Some elite Nigerian students abroad get support from parents back home. But the rich at a point also stop being money spinners. Our source said her friend’s father soon stopped sending her money upon her graduation. In the UK, however, another Nigerian who has studied for over a decade there says his Nigerian elite course-mate had a somewhat similar story.
“His dad was a top shot in the NNPC. So, this guy wasn’t doing anything as some of us did odd jobs during and after school to survive. He was driving an S Type Jaguar. His dad once got him a job in a Nigerian bank, but he wasn’t used to that kind of low pay, so he soon came back here. The dad kept paying his bills every month from Nigeria.

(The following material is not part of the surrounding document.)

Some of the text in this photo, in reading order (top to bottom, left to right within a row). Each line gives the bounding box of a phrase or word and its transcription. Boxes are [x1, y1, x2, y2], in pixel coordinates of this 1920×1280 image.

Do you know what that means with the exchange rate? But at a point the money stopped too, so he joined G-guys de hustle for street.”
In the UK at least, many Nigerian students from humble backgrounds have since found a way to beat the system: once they finish a program, they enroll for another just to stay legal.

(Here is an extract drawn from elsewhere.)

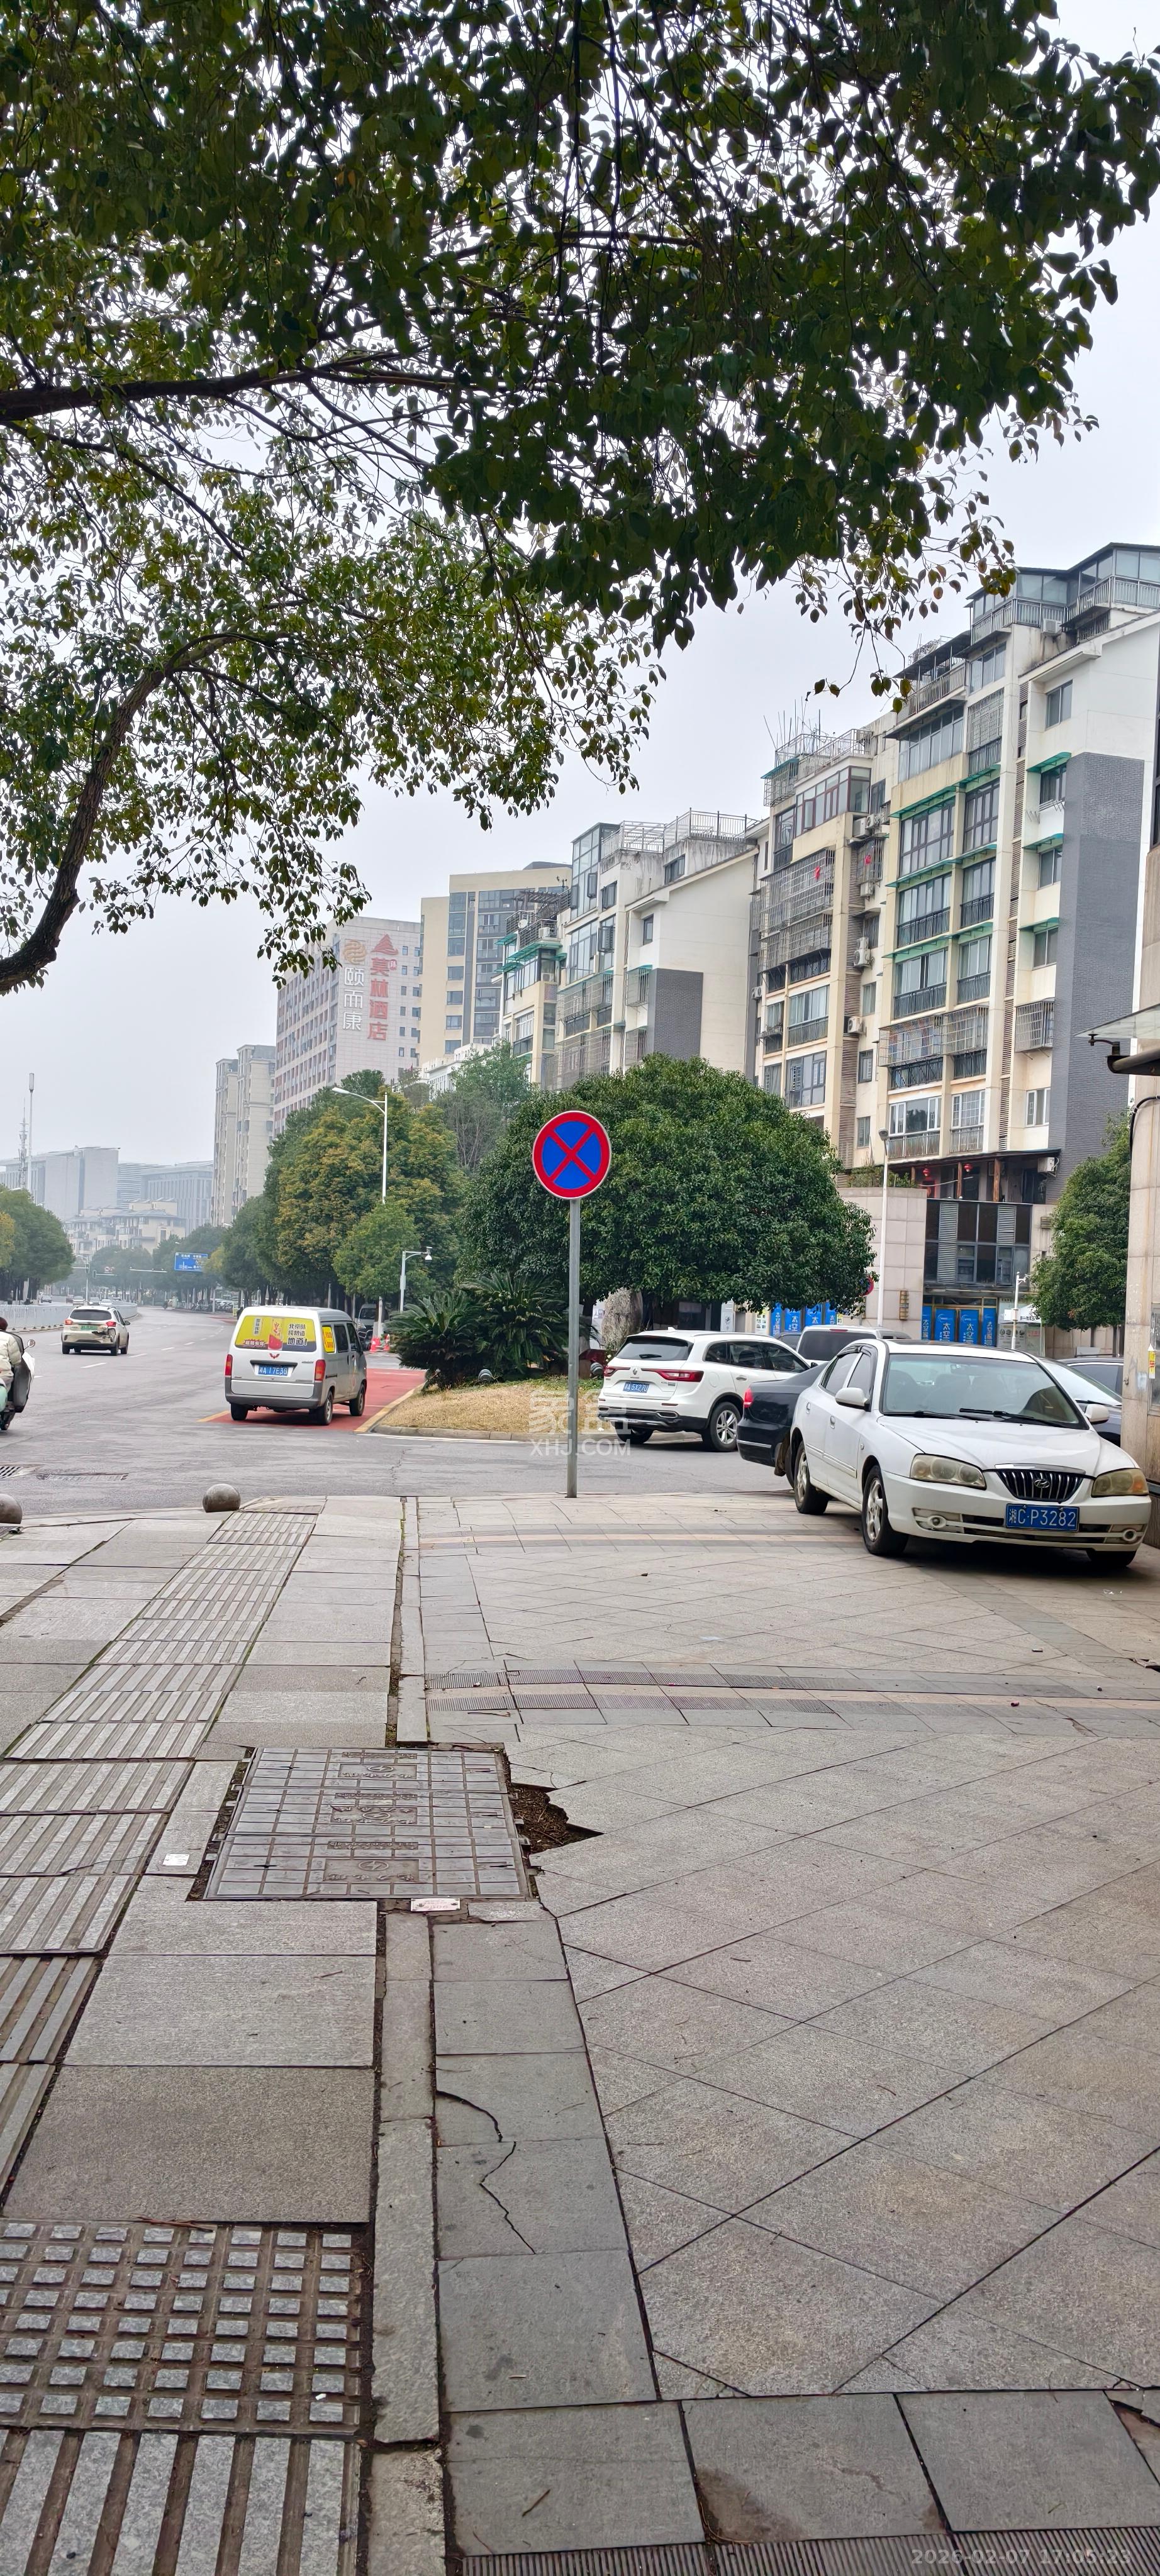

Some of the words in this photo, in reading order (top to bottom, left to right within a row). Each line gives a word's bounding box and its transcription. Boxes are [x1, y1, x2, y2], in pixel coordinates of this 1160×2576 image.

“Some of our guys did that and I couldn’t,” said Ifediora Ohaneje, a Nigerian financial analyst now based in Canada. “You’ll see people with two or three master’s degrees. They just keep going like that until they stay long enough to qualify to apply for permanent residence. Only those in the medical fields have a preexisting pathway to becoming legal, and maybe some others in some special fields. I moved to Canada because here it’s easier to become legal after study.”
Another Nigerian who spoke to Nigeria Abroad said most of the countrymen held for internet fraud in Europe were students who could not become legal to be able to find befitting jobs, so they embraced their laptops. The marriage pathway has its own complications. The option of going for more academic programs can be a huge financial task except one gets some form of fellowship or grant.
All of these exclude those who, unable to cope with schoolwork, drop out without the knowledge of parents back home. These experiences are same for other African students abroad.
“I know one lady from Cote d’Ivoire,” a source tells the magazine. “She got pregnant and was weighed down with taking care of her son. She couldn’t tell her parents. She was having a hard time here in the US and friends were helping her out.”
Since the naira nosedived hopelessly late 2020, many Nigerian parents became incapable of paying tuition for wards studying abroad. “The tuition remained the same but doubled in naira value,” a Nigerian student in Ukraine told Nigeria Abroad. She says life has been unbearable, especially as the pandemic closed opportunities even for odd jobs.
But not everyone stays back abroad after studies. Economics graduate from the University of Nigeria Macdonald Ukah moved to UK’s University of Reading for a master’s in Emerging Markets in 2014. He came back after completing his studies and is currently working as a financial analyst in a Lagos accounting firm. Why did he return?
“The rules were simply unkind to anyone who sought to stay without falling afoul of immigration laws,” Macdonald says. “David Cameron, wanting to stave off pressure from the Farage-led far right, had tightened rules for student immigration. You had 16 months within which to complete your studies (M.Sc in my case) and secure paid, visa-sponsored employment, or bugger off. The latter didn’t happen, despite several attempts. As 2015 came to a close, with reservoirs drying up, I left. Did not care much for my convocation; had my degree delivered in the mail. With a bit of guarantee of paid employment upon return to Lagos, I reassessed and left.”